If you’ve ever been to an amusement park, certainly you’re familiar with that anxiety minutes before riding that humongous, scary and life-threatening roller coaster (even if at the last call you decide to quit, like my mother used to do a couple times). And although it’s not that sort of concert which you don’t have a clue of what’s about to be, this same feeling got into me, maybe just for the thrill of it.
And so I went, like on the roller coaster, to the front row, so I could take the most of the sorrow virtuoso dark-folk guitarist Matt Elliott. The acoustics of Mercado Negro’s auditory were more than capable of bringing to the surface the depth of Matt’s voice, just as his howls of pain (incredible performance of “I Name This Ship the Tragedy, Bless Her & All Who Sail With Her”, with an astonishing wall of sound made by simply lots of layers of those shouting choirs). This was also brought to his acoustic guitar, loaded with a loop station and many fuzzy effects – electric guitars? who needs them – giving the right amount of roughness in every song.
The show started with “Dust Flesh and Bones”, from the most recent record, The Broken Man, and it’s right on the game: chords directly imported from a western, the indispensable whistle, all this culminating in a great crawling melody bringing to the insanity words of “this is how it feels to be alone”. Fucking ravishing.
Moved on with the new material, since it was the only new song being played, the old works were brought to Matt’s own noisy, shoegazy, build-up folk world, as the already mentioned “I Name This Ship the Tragedy…” and the follow-up “Howling Song”. And man, this was tough. Very, very deep emotional stuff. I could see some and other people with the little tear in their eye, I think all the room sank with all his pain in some profound way (well, the most of it, but let’s not talk about that, you know what I mean if you follow Matt’s facebook page).
After all this heavy emotional stuff discharged, the concert got assumedly lighter, a lot due to three cover versions of Tarantino-esque songs: “I Put a Spell on You”, by Screamin’ Jay Hawkins, “Bang Bang (My Baby Shot Me Down)”, by Cher, and that traditional tune turned into the goofy theme of Pulp Fiction, “Misirlou”, ironically constructed with all the six strings of the guitar. While the tone of the concert itself didn’t change – Elliott knew how to add a couple of layers of misery on those covers – still, they don’t stop being those songs, and you get that little surprise of recognizing the song, which in the context kinda ruined the mood for me (probably not for everyone else, with people singing along).
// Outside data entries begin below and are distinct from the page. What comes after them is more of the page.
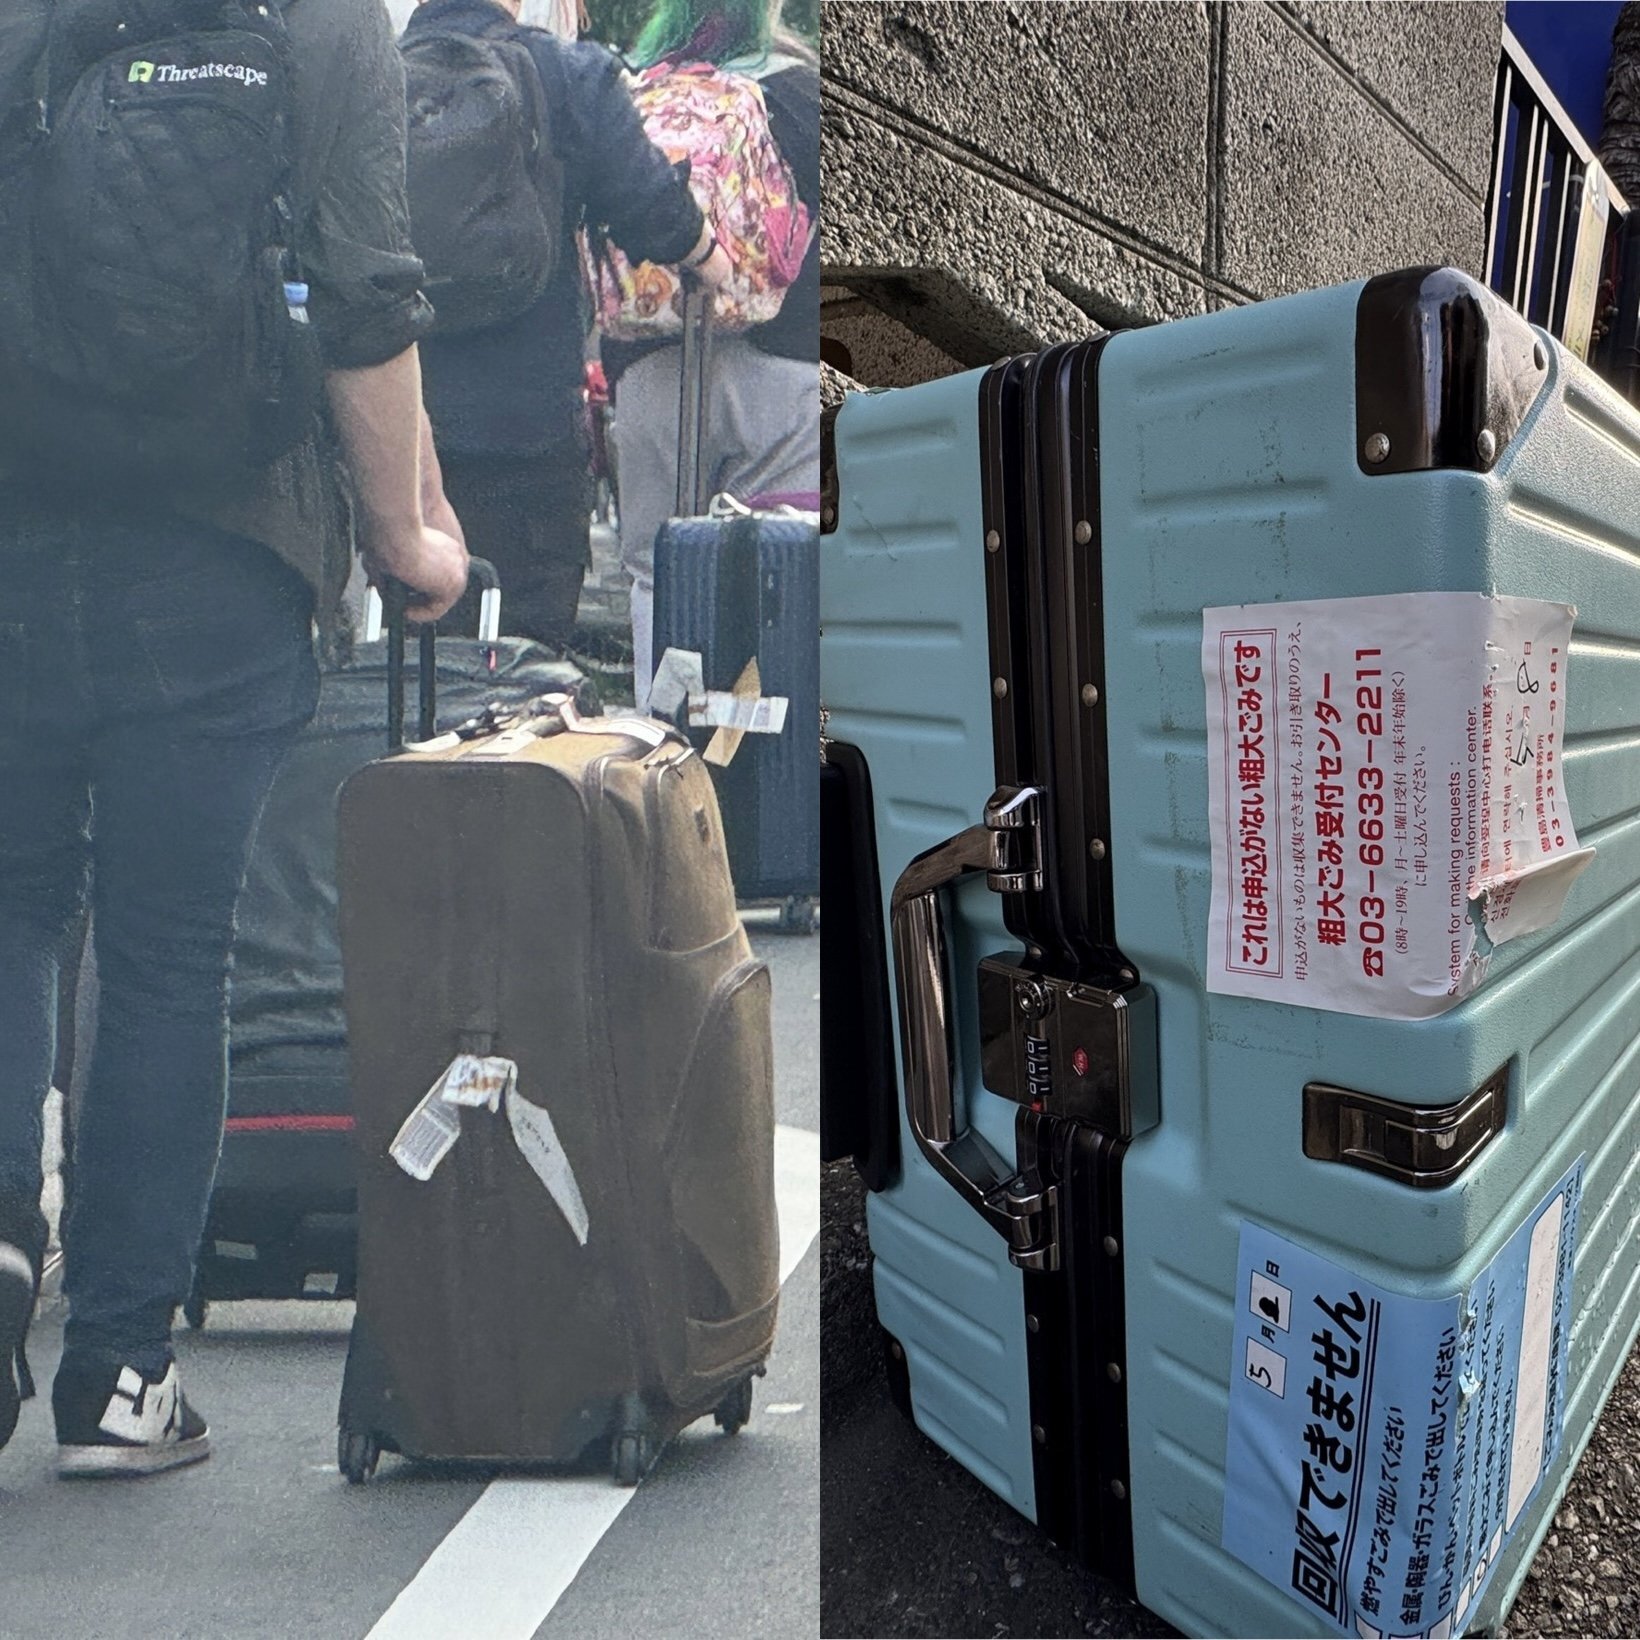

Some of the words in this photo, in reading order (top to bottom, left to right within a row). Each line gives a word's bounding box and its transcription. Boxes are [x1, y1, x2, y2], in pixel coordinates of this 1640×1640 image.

[157, 63, 268, 86] Threatscape
[1517, 659, 1539, 694] 8
[1524, 641, 1532, 655] 日
[1465, 706, 1477, 763] center.
[1234, 640, 1268, 965] これは申込がない粗大ごみです
[1288, 622, 1308, 980] 申込がないものは収集できません。お引き取りのうえ、
[1315, 673, 1346, 946] 粗大ごみ受付センター
[1413, 745, 1428, 887] に申し込んでください。
[1448, 769, 1463, 846] requests
[1465, 766, 1477, 865] information
[1448, 849, 1464, 910] making
[1448, 913, 1461, 941] for
[1266, 1260, 1280, 1278] 日
[1261, 1324, 1276, 1344] 月
[1249, 1363, 1272, 1388] 5
[1292, 1291, 1367, 1619] 回収できません
[1400, 1327, 1456, 1626] 金属・陶器・ガラスごみで出してください
[1360, 1406, 1405, 1617] 燃やすごみで出してください
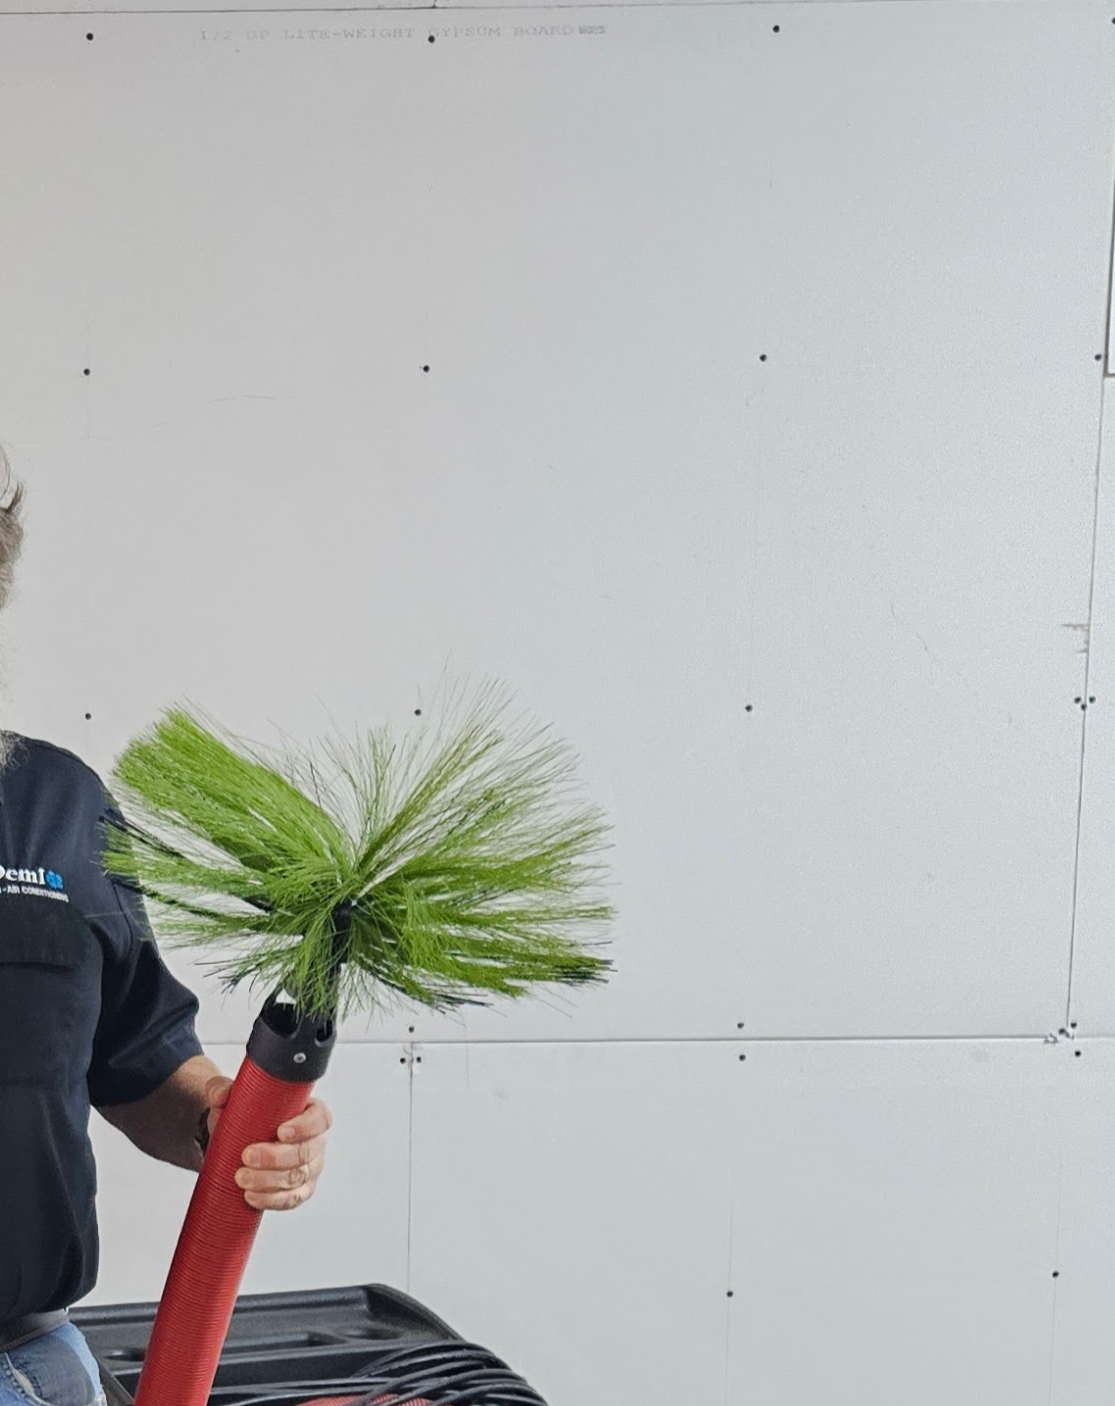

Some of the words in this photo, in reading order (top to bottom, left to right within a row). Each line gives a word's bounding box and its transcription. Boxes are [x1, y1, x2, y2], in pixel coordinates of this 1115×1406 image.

[283, 27, 415, 40] LITE-WEIGHT
[427, 25, 503, 39] GYPSUM
[513, 25, 574, 38] BOARD
Finishing with “Bomb the Stock Exchange”, from Howling Songs, the concert ended up being much longer than it seemed, thanks to the 10-minute songs and increasing, and we all went home with a heavy heart, but consoled and certain that all this ride was worth it. Thanks Matt, see you again in another trip.
(Pics by João Peça. Thanks to Mercado Negro for making this happen & everyone who came to the show for supporting great music.)
Dust Flesh and Bones
Something About Ghosts
I Name This Ship the Tragedy…
The Howling Song
I Put a Spell on You (Screamin’ Jay Hawkins)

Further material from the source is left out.